Sports Illustrated wrote that Pollin "didn't want to contribute to Washington's reputation for violent crime." USA Today said it was because "gun violence is at epidemic level in far too many parts of this country." The New York Times said Pollin changed the name "after his friend Yitzhak Rabin, Israel's prime minister, was shot to death." The AP said it was "because of the violent connotation." The New York Post said it was "in reaction to violent crime in Washington." Mike Wise said it was "to honor the memory of his friend, Israeli Prime Minister Yitzhak Rabin, who was assassinated." Mike Lee said it was "after his friend, Israeli Prime Minister Yitzhak Rabin, was gunned down." Christine Brennan said it was because Pollin "was so concerned about violence in the D.C. streets." The Dallas Morning News said it was "in deference to the high gun violence rate in Washington."
Charles Krauthammer discussed the issue at great length on This Week in Washington, saying this:
"In a sense, you're almost grateful that he died before he could see this. He's a man who changed the name of the team, the Bullets, which had a long and distinguished history, simply because it gave the wrong message. And he did it, and he probably lost a lot of money doing it, but it meant a lot to him. And to have a member of his team in a gun issue in the Verizon Center, which he built, would have broken his heart."
And the Wizards themselves referenced the name change in their press release about the Arenas suspension:
It is widely known that Mr. Pollin took the extraordinary step of changing the team name from "Bullets" to "Wizards" in 1997 precisely to express his abhorrence of gun violence in our community.
I didn't live here when the name was changed, and I didn't undertake a massive investigative project looking back on that process. But I did go back and read dozens and dozens of stories from before and during the name change, and I learned a few things I hadn't previously known. The results are long but fascinating; here's some of what I found.
Yitzhak Rabin was assassinated in November of 1995. And yet the reporting on a possible name change began in May, shortly after the Bullets ended another miserable season. Richard Justice wrote many of these stories for The Post, and he wrote this one as well, part of a larger story in which Pollin assessed the state of the franchise.
Washington Bullets owner Abe Pollin said yesterday that he'll decide this summer whether to change the name of his team out of sensitivity to the number of gun-related deaths in the area. He indicated no final decision has been made, but his comments suggest he's leaning toward dropping the name the franchise has carried for the past 31 years, including the past 22 in Washington.
"We're considering that," Pollin said. "We haven't made a final decision. In the old days, our motto was Faster than a speeding Bullet.' That's how we were envisioned in Baltimore. Today the connotation is a little different. It's connected with so many horrible things that people do with guns and bullets. I don't know. We're considering it. We'll make a decision this summer."

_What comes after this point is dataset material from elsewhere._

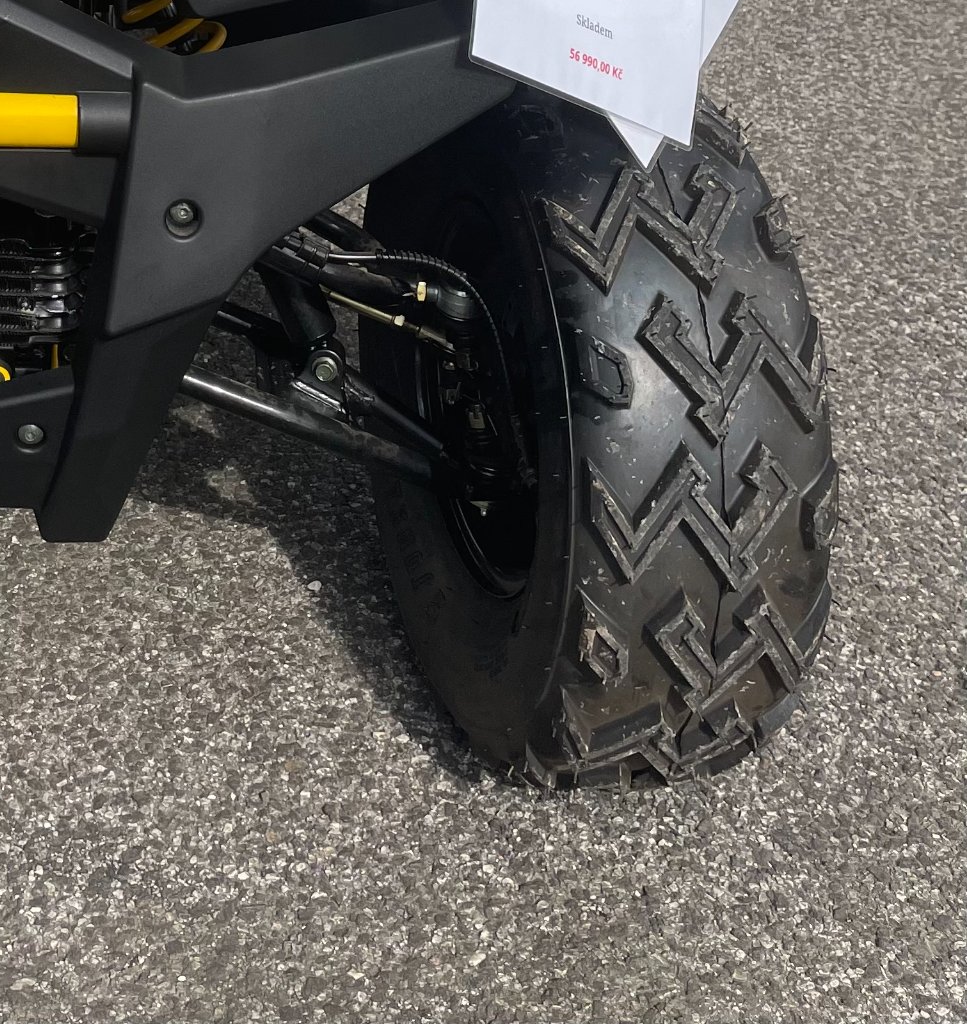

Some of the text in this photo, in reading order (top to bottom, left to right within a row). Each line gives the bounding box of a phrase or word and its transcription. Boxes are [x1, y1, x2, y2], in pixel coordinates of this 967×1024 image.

[576, 14, 613, 39] Skladem
[569, 48, 623, 80] 56 990,00 Kč

So this pre-dated Rabin's death, and it wasn't a passionate, spur-of-the-moment decision. It began with uncertainty. Pollin told Justice he wasn't sure what the new name might be, and he wasn't sure when a change would take effect. But from the very beginning, the change was linked to a more general overhaul of the franchise's image, including the opening of a new downtown arena. More Justice:
Several team officials apparently favor such a change as the organization undergoes a widespread facelift that began with the acquisition of forwards Chris Webber and Juwan Howard last fall. That facelift will be culminated if Pollin is able to complete the arena by opening day 1997.
By the end of August--again, several months before Rabin's death--the decision had apparently been made. Justice wrote another story, in which the name change was portrayed as a done deal.

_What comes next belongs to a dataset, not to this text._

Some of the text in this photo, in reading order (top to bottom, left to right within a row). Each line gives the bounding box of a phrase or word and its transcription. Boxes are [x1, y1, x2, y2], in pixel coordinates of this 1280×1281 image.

In addition to new uniforms, a new logo and new colors, [the Bullets] apparently will be getting a new name. Team owner Abe Pollin has decided that when the Bullets leave USAir Arena after the 1996-97 season for the proposed MCI Center downtown, they'll no longer be the Bullets, sources said yesterday. In addition, Pollin apparently will allow fans to select the new name later this year in a name-the-team contest.
Justice also reported, correctly, that the contest would be run through Boston Market. So the Rabin stuff, which I'll get to later, was touching and prompted an official announcement, but this name change was a done deal well before the prime minister's death.
No one ever suggested that gun violence in D.C. wasn't a problem, but there were skeptics who immediately pointed out that there might be more going on here than a mere aversion to guns and bullets. Again, these columns are all from well before Rabin's assassination.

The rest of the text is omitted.